UP's Sugar Belt Has 100+ Cooperative Mills — Most Are Sick, A Few Are Thriving — Here's the Difference

In Shamli district, barely two hours from Delhi, a rusted padlock hangs on the gates of a cooperative sugar mill that once crushed 2,500 tonnes of cane daily. Weeds push through the concrete yard. The boiler house, silent since the 2019-20 season, looks like an industrial ruin. Seven kilometres east, another cooperative mill — similar vintage, similar capacity — hums through the crushing season, pays farmers within fourteen days, and posted an operating surplus of approximately ₹11 crore last year. I have spent months trying to understand what separates the dead from the living in Uttar Pradesh’s cooperative sugar sector, and the answer is far more uncomfortable than “poor management.”
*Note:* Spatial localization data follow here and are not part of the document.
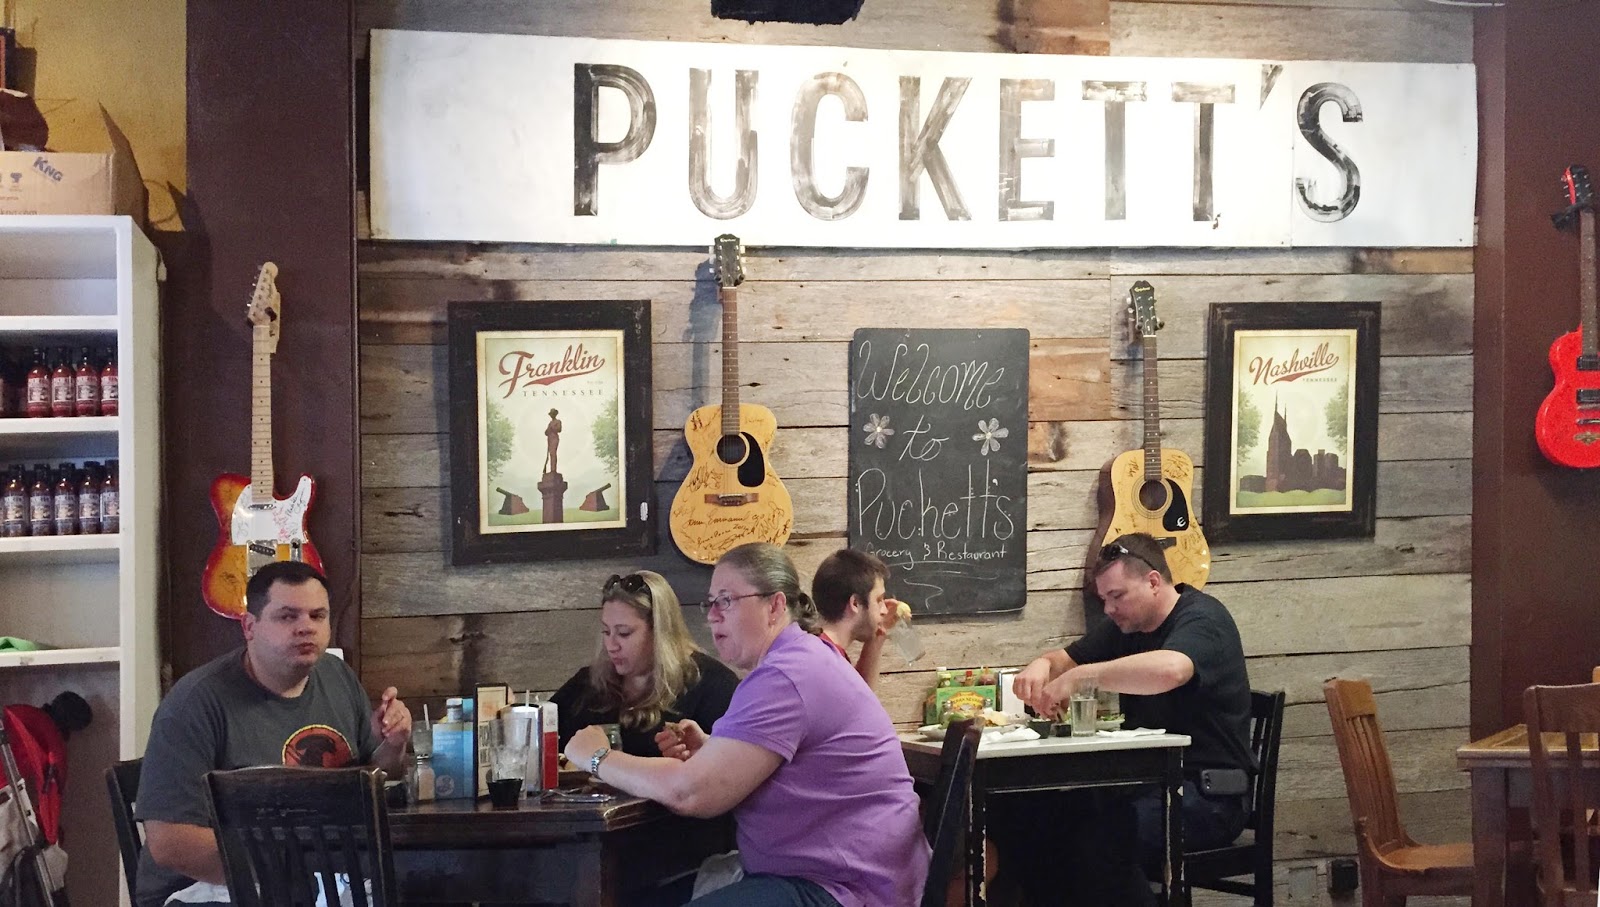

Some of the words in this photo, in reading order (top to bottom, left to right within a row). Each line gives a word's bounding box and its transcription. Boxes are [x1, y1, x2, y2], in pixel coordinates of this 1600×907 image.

[574, 63, 1364, 223] PUCKETT'S
[33, 156, 64, 182] KNG
[498, 343, 606, 399] Franklin
[1249, 342, 1340, 385] Nashville
[523, 389, 603, 397] TENNESSEE
[898, 414, 950, 461] to
[865, 542, 914, 571] Grocery
[937, 541, 1008, 560] Restaurant
Uttar Pradesh produces more sugar than any other Indian state — over 12 million tonnes in the 2026-26 season by most estimates. Yet its cooperative sugar mills, once envisioned as farmer-owned engines of rural prosperity, are overwhelmingly sick. Of the 100-plus cooperative mills established across the sugar belt spanning Muzaffarnagar, Shamli, Meerut, Saharanpur, Bijnor, and parts of Rohilkhand, only a fraction operate at viable capacity today. The rest are closed, partially functional, or surviving on government lifelines.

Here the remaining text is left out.